For the second installment in our series interacting with Stephen Meyer’s significant book Darwin’s Doubt, we draw your attention to the work of Ralph Stearley. Stearley is a professor of geology and paleontology at Calvin College, having received a PhD in those disciplines from the University of Michigan in 1990. His research includes studies of rock-boring marine invertebrates in the intertidal zone of the Gulf of California, and studies of Neogene fossil fishes from western North America.

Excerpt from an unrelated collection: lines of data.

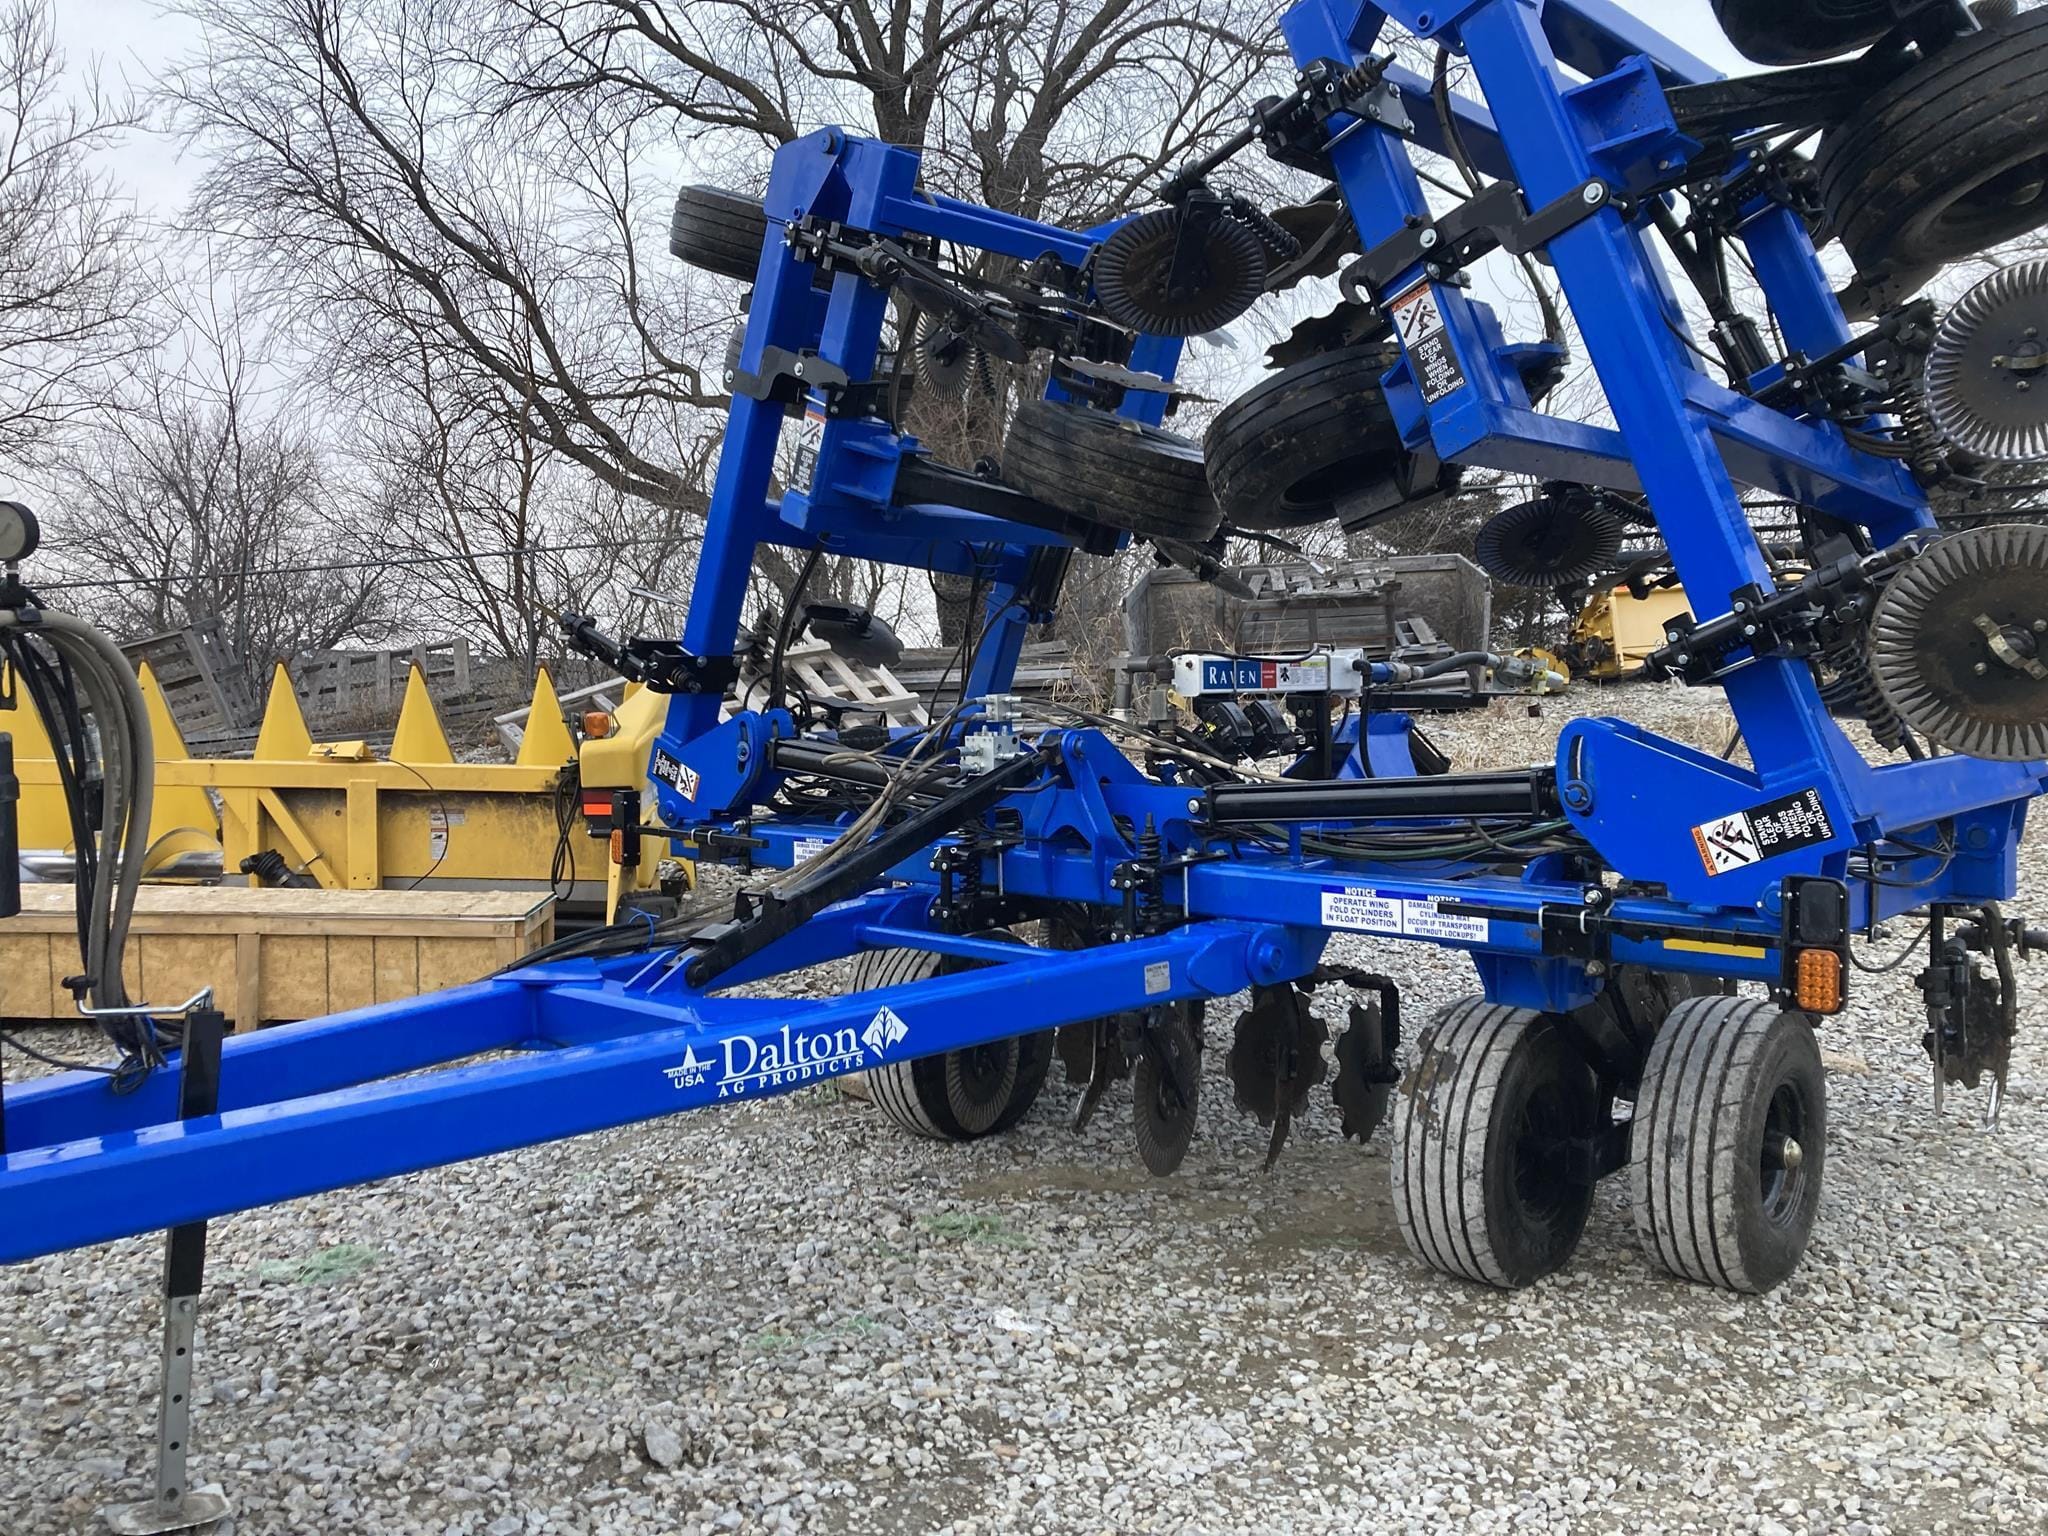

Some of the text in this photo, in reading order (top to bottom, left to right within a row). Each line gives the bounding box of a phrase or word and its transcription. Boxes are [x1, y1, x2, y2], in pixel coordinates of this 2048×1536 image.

[1418, 338, 1438, 354] STAND
[1420, 344, 1442, 360] CLEAR
[1425, 356, 1447, 373] WINGS
[1429, 354, 1437, 363] OF
[1426, 367, 1455, 388] FOLDING
[1428, 364, 1448, 378] WHEN
[1426, 377, 1464, 402] UNFOLDING
[1437, 380, 1448, 389] OR
[1209, 666, 1257, 685] RAVEN
[1786, 810, 1802, 835] WHEN
[1792, 801, 1813, 838] FOLDING
[1806, 790, 1832, 839] UNFOLDING
[1806, 811, 1816, 824] OR
[1762, 815, 1778, 844] CLEAR
[1773, 822, 1783, 833] OF
[1778, 810, 1795, 839] WINGS
[1754, 820, 1770, 846] STAND
[1345, 887, 1376, 897] NOTICE
[1333, 896, 1390, 910] OPERATE WING
[1408, 901, 1434, 910] DAMAGE
[1330, 905, 1393, 918] FOLD CYLINDERS
[1336, 914, 1359, 924] FLOAT
[1361, 918, 1397, 928] POSITION
[1408, 918, 1428, 926] OCCUR
[1438, 920, 1484, 932] TRANSPORTED
[1414, 927, 1476, 939] WITHOUT LOCKUPS!
[719, 1024, 860, 1080] Dalton
[667, 1068, 688, 1078] MADE
[689, 1066, 696, 1074] IN
[718, 1054, 864, 1098] AG PRODUCTS
[674, 1073, 704, 1089] USA

Last year Stearley published a review essay of three recent books that deal with the Cambrian explosion. Besides Darwin’s Doubt, his treatment includes The Rise of Animals: Evolution and Diversification of the Kingdom Animalia (Johns Hopkins UP, 2007) by Mikail Fedonkin, James Gehling, Kathleen Grey, Guy Narbonne, and Patricia Vickers-Rich; and The Cambrian Explosion: The Construction of Animal Biodiversity (Roberts and Company, 2013) by Douglas Erwin and James Valentine. In addition to reviewing these books, Stearley provides an intriguing history of the field in recent decades as views on the Cambrian explosion have developed in response to other fossil discoveries. In the process, the reader is equipped with a treasure trove of data about the Cambrian and Ediacaran periods, the time scales involved, and the species that were precursors to the explosion. This discussion provides the context for Stearley’s engagement with Darwin’s Doubt.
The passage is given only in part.